Might have to disagree somewhat about this...

Typically, a landbased (army, etc.) aircraft has the luxury of a static field with ample room for approach, flare and touch-down/rollout - the landings typically being modest unless you had a short-hour rookie or a shot-up crate.

In the case of the carrier landings, they came in and "plopped down" as soon as possible, the arrestor cable amplifying this effect, the result being a bone-jarring experience. There were even a few naval types that had to have the oleos modified because the landing was so harsh, that the aircraft would jump up, loft and either collide with other aircraft or go overboard.

We had a Sherrif (passed away several years ago and is still missed) who owned a 172 and flew it for ages. You could tell he was old-school Navy, as he'd sit at the end of the local field, run that poor Lycoming up until it was screaming for mercy and then he'd start his roll. He'd always get up before mid-field and away he'd go.

The return was always a sight, though.

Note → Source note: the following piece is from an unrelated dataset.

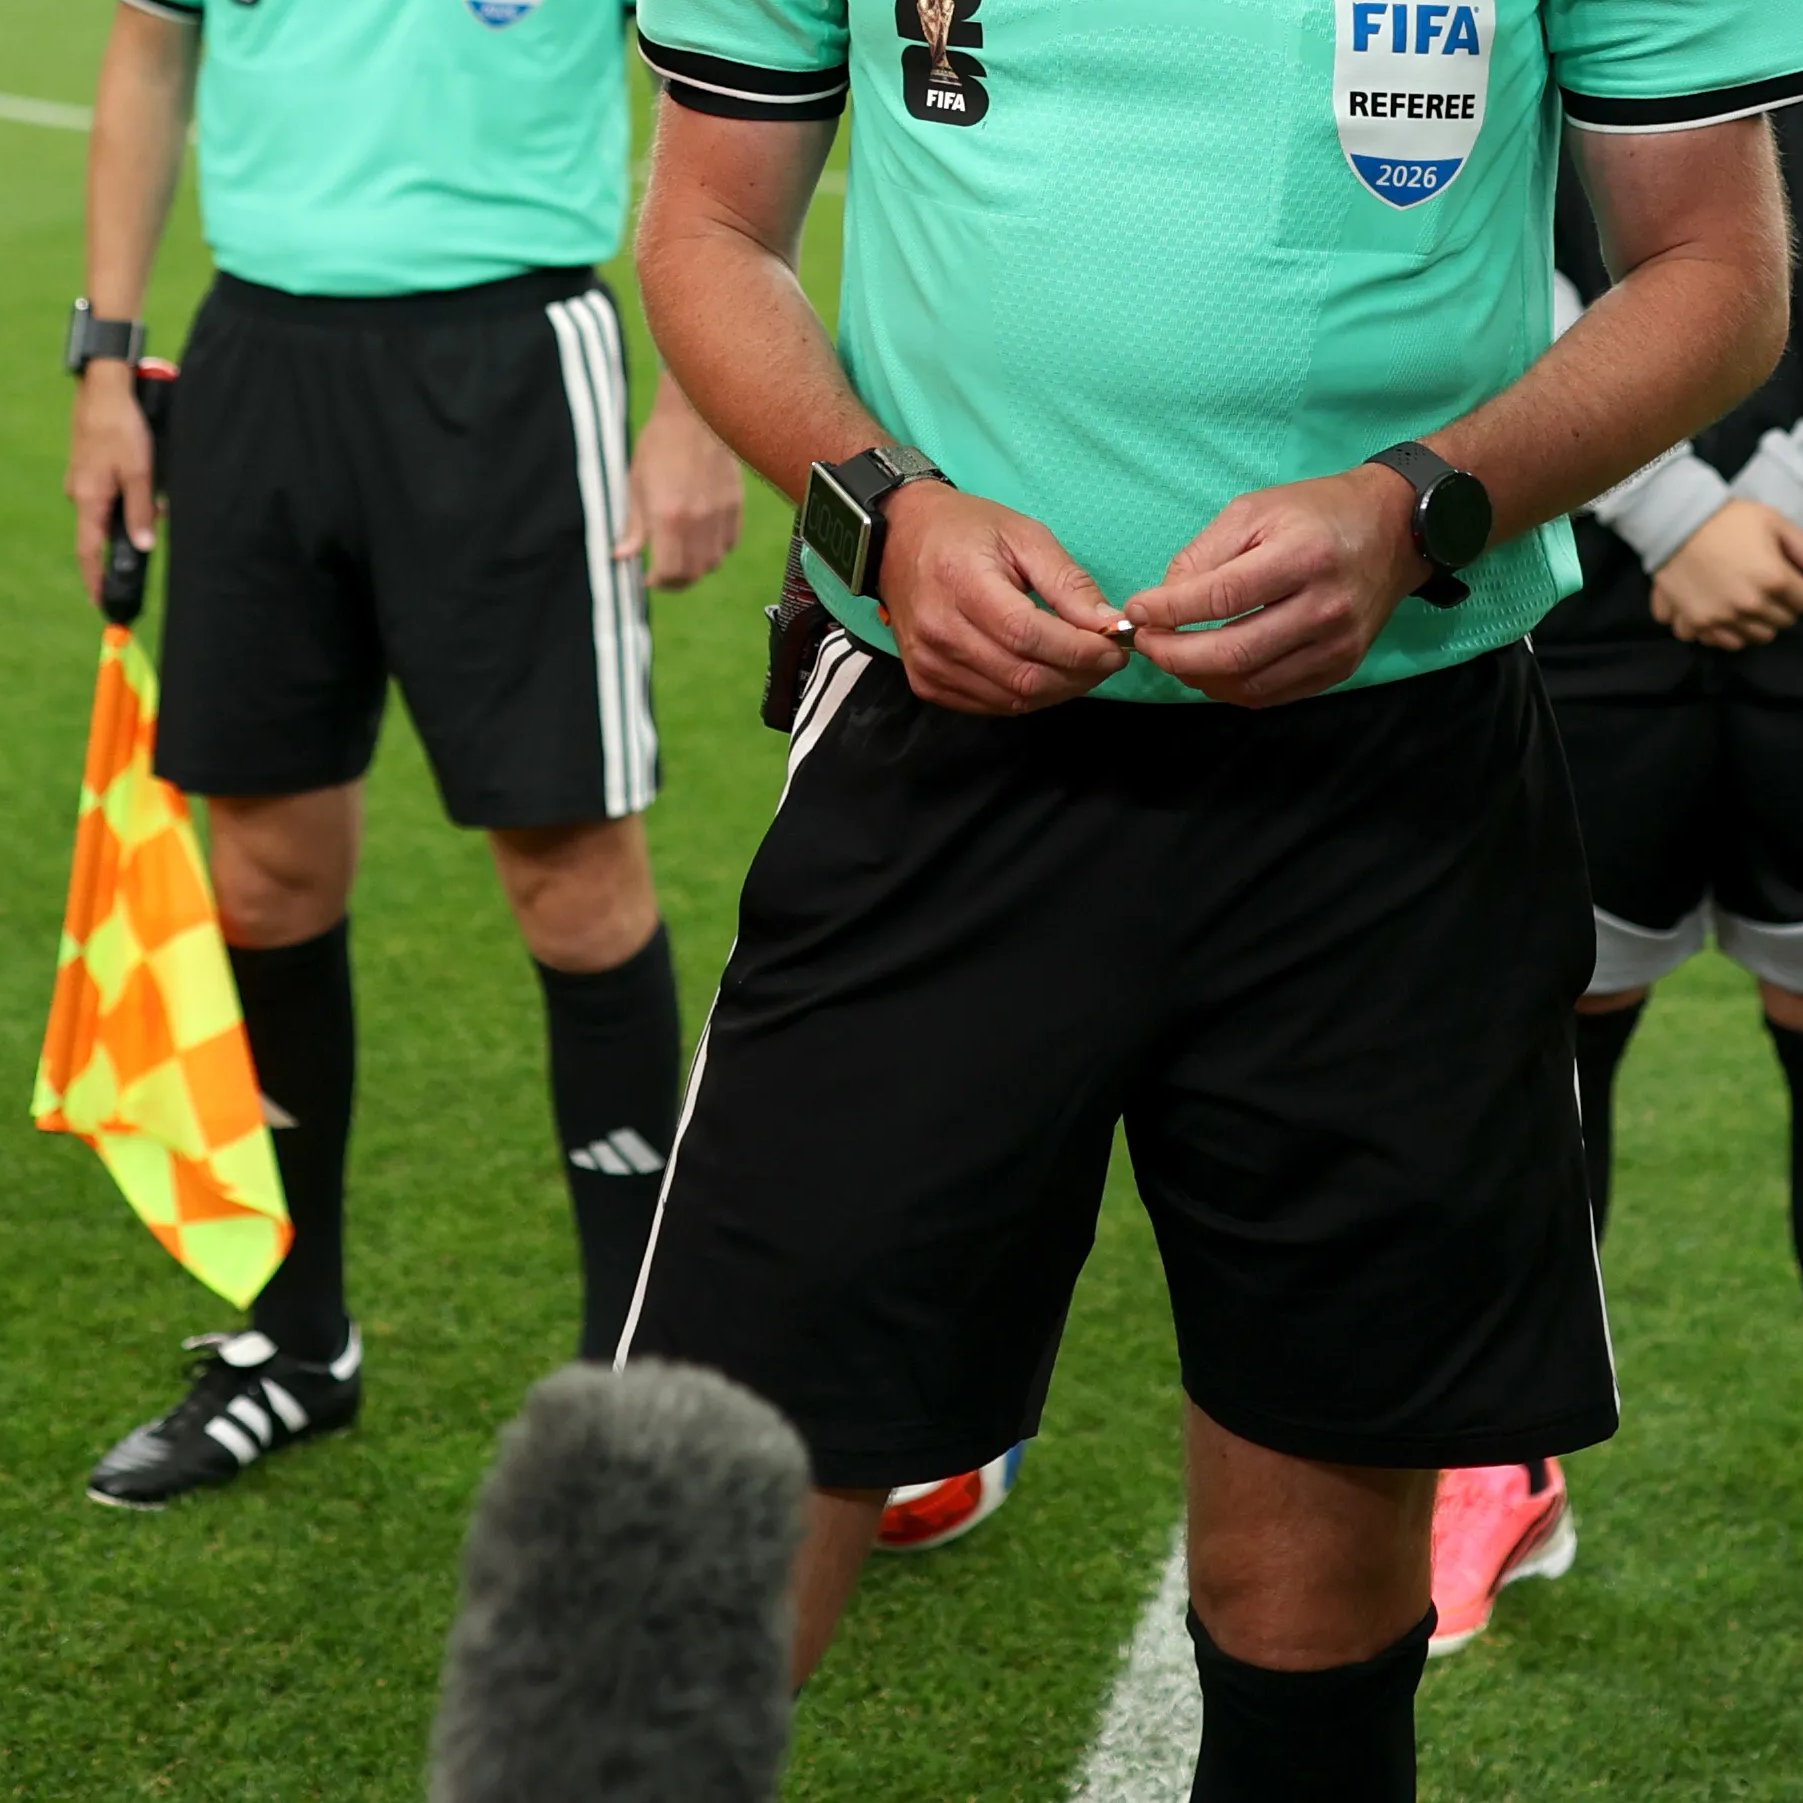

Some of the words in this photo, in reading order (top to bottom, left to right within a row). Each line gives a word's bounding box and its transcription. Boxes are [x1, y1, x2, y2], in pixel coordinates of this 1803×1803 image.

He'd make his approach close and at roughly 45 degrees and drop that poor 172 down like a sack of concrete. This is a prime example of now only how rugged a Cessna is, but how old Navy pilots never change! 

By the way, he was a WWII vet and got his baptism of fire at Midway.

Reactions: Like Like:
1 | Like List reactions


----------



## Shortround6 (Jan 14, 2016)

We might not be in much disagreement. I may not have worded the post quite right. Not being a Naval aviator I went by watching a few on line videos and the sample might have included a few better than average landings. Not having a "typical" landing video after a very short search (either smooth ones or near if not outright crashes) I went for mild wording. There is little doubt on average the carrier planes landed harder than land based planes ( either that or the navy really screwed up on the specs  But you can always find pictures/video to show the exceptions. 

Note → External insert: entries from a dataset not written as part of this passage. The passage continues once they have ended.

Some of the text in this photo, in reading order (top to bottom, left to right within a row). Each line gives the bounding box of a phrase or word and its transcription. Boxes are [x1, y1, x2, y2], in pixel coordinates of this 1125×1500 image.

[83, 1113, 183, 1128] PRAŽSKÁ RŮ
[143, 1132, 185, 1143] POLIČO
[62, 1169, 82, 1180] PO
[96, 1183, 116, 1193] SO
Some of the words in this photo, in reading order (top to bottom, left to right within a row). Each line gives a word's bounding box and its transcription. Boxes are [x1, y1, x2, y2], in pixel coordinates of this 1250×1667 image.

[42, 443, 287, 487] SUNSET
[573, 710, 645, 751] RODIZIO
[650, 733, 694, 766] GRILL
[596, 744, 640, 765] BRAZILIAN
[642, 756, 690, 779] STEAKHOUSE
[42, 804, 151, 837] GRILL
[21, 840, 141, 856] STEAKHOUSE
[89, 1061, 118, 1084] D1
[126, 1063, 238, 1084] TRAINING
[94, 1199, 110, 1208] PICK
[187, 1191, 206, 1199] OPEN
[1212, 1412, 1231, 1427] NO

Like landing the P-39 on a carrier. Just because something is not 100% impossible doesn't mean it is really a good idea. Full details of exactly what Capt Brown was doing with the P-39 may be a bit lacking but some details are here. 

https://en.wikipedia.org/wiki/AH574 

A number of approaches flown in a test program designed to provide information for future jet aircraft without landing gear to land on flexible (rubber?) decks and one actual landing with the plane in a "test" configuration (ammo? guns? armor? fuel state?) by a pilot with quite possibly the highest number of carrier landings in the world at the time is hardly proof that "average" pilots could land in poor weather flying planes in combat configuration.

Reactions: Like Like:
1 | Like List reactions


----------



## GregP (Jan 14, 2016)

I cracked up at "advanced state of decay ...".

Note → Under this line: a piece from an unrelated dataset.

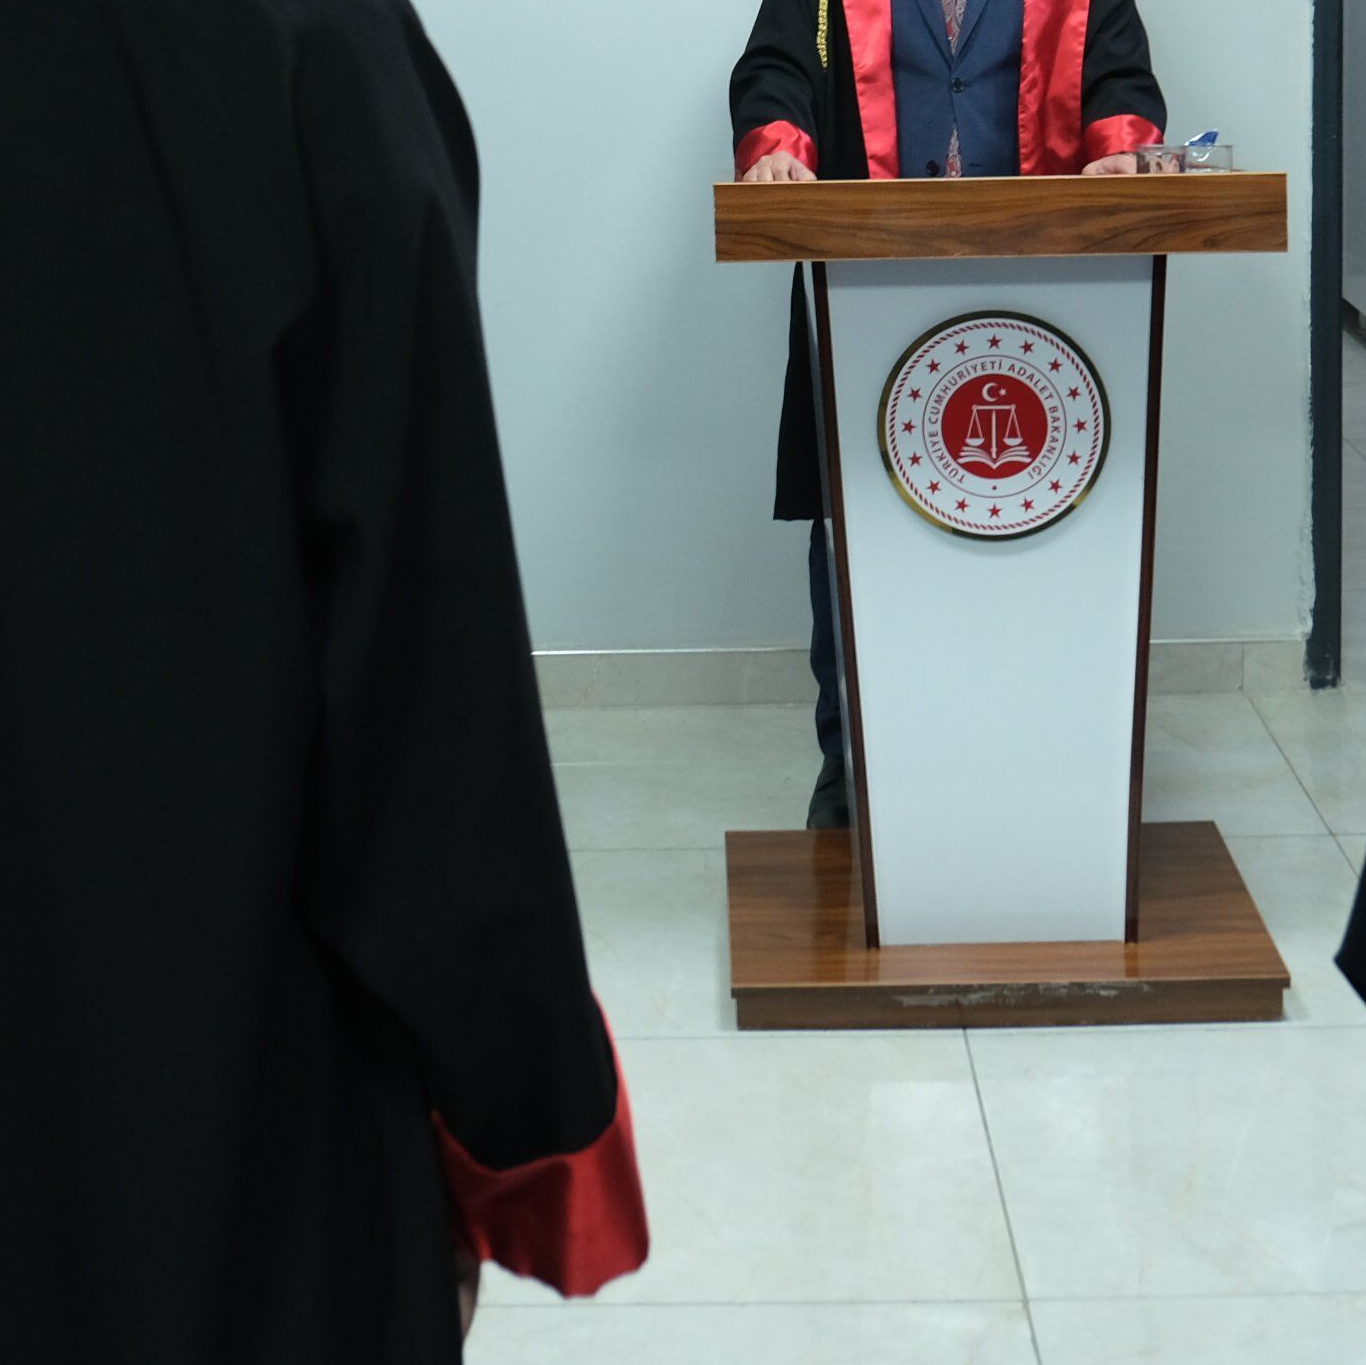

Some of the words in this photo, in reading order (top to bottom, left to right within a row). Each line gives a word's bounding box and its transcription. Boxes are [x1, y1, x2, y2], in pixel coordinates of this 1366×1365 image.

[928, 360, 1003, 425] CUMHURİYETİ
[1007, 362, 1053, 402] ADALET
[928, 429, 966, 484] TÜRKİYE
[1028, 405, 1062, 481] BAKANLIĞI

One man's garbage is another man's treasure.


----------



## parsifal (Jan 15, 2016)

RN Carriers trained hard for fire hazard controls, and also built into their carrier designs certain features that I don't think were worked into US designs until later on. 

Hangars were closed, meaning far greater integrity against the spread of fire. all flammable storage had the ability to be flooded, or smothered in CO2 or cooled with seawater to limit the spread of fire. Hangars usually had internal subdivision in which fire proof steel curtains would drop in an emergency, and of course all hangar areas were protected by sprinkler systems. There was a price for the much higher levels of protection worked into RN carriers, they carried a fraction of the air groups in US carriers. Even as late as the '80s I can vouch that the RN safety systems devised in WWII were still ahead of their USN post war carriers . Storage of coolant was not a problem in the RN at all. It just added weight and took away from the carriers ability to carry a/c. slight problem really.....

There are misconceptions in the radial versus inline debate on both sides. For a while in the RN at the end of the 1930s it was considered that in lines had an inherent performance advantage. not much basis for it, but an assumption that existed. Later it was realized that deck views from an inline was generally less good eg the Seafire. 

Truth is, both radials and inlines could go to sea AND give good service. each had inherent idiosyncrasies, but none of these quirks were in any way major issues.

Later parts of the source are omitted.